Repeat each entry as written, dropping any picture you find.

▶ _Images for object localization_
+++

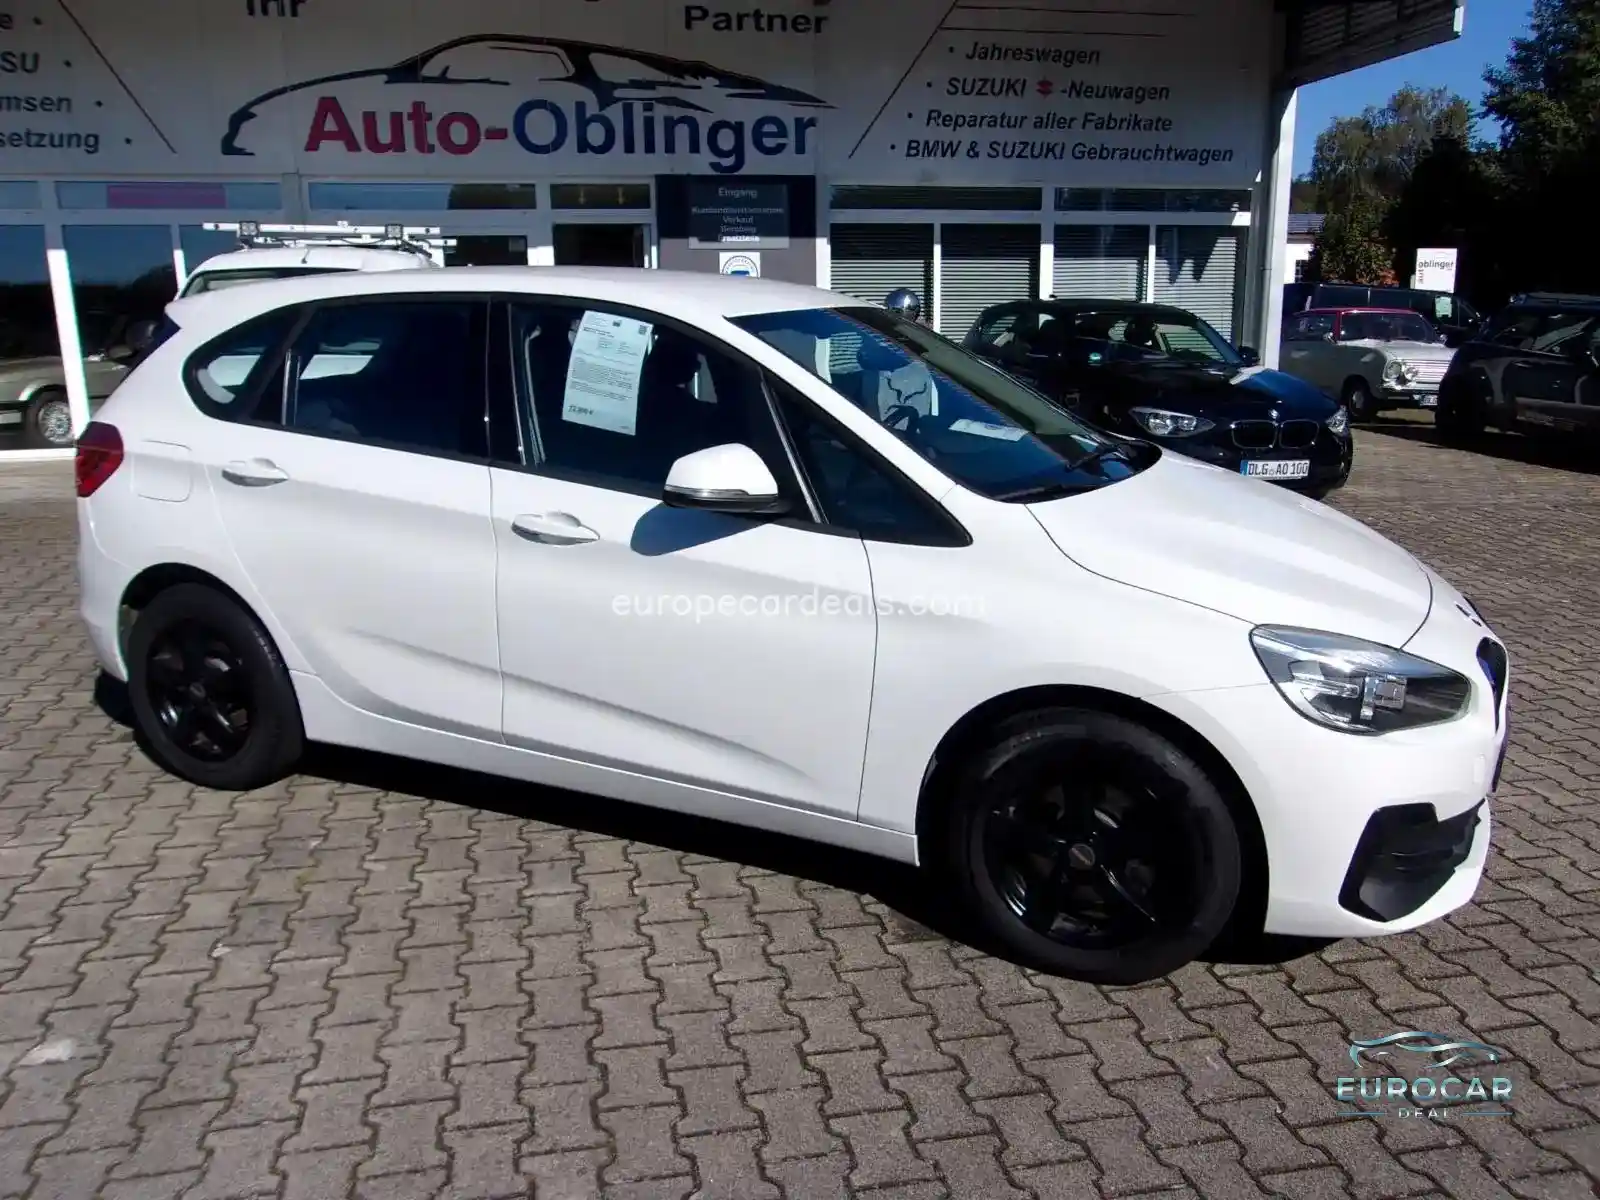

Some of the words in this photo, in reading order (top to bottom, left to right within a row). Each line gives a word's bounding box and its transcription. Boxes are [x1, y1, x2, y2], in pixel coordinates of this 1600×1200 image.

[684, 5, 829, 34] Partner
[965, 41, 1101, 67] Jahreswagen
[945, 77, 1027, 98] SUZUKI
[926, 109, 1028, 133] Reparatur
[1033, 112, 1077, 131] aller
[1082, 112, 1173, 133] Fabrikate
[304, 95, 818, 174] Auto-Oblinger
[905, 139, 963, 159] BMW
[966, 141, 981, 159] &
[986, 140, 1065, 160] SUZUKI
[1070, 141, 1234, 166] Gebrauchtwagen
[1248, 462, 1269, 476] DLG

+++

▶ _WRITTEN SOLUTION_
Some of the words in this photo, in reading order (top to bottom, left to right within a row). Each line gives a word's bounding box and its transcription. Boxes are [x1, y1, x2, y2], in pixel coordinates of this 1600×1200 image.

[684, 5, 829, 34] Partner
[965, 41, 1101, 67] Jahreswagen
[945, 77, 1027, 98] SUZUKI
[926, 109, 1028, 133] Reparatur
[1033, 112, 1077, 131] aller
[1082, 112, 1173, 133] Fabrikate
[304, 95, 818, 174] Auto-Oblinger
[905, 139, 963, 159] BMW
[966, 141, 981, 159] &
[986, 140, 1065, 160] SUZUKI
[1070, 141, 1234, 166] Gebrauchtwagen
[1248, 462, 1269, 476] DLG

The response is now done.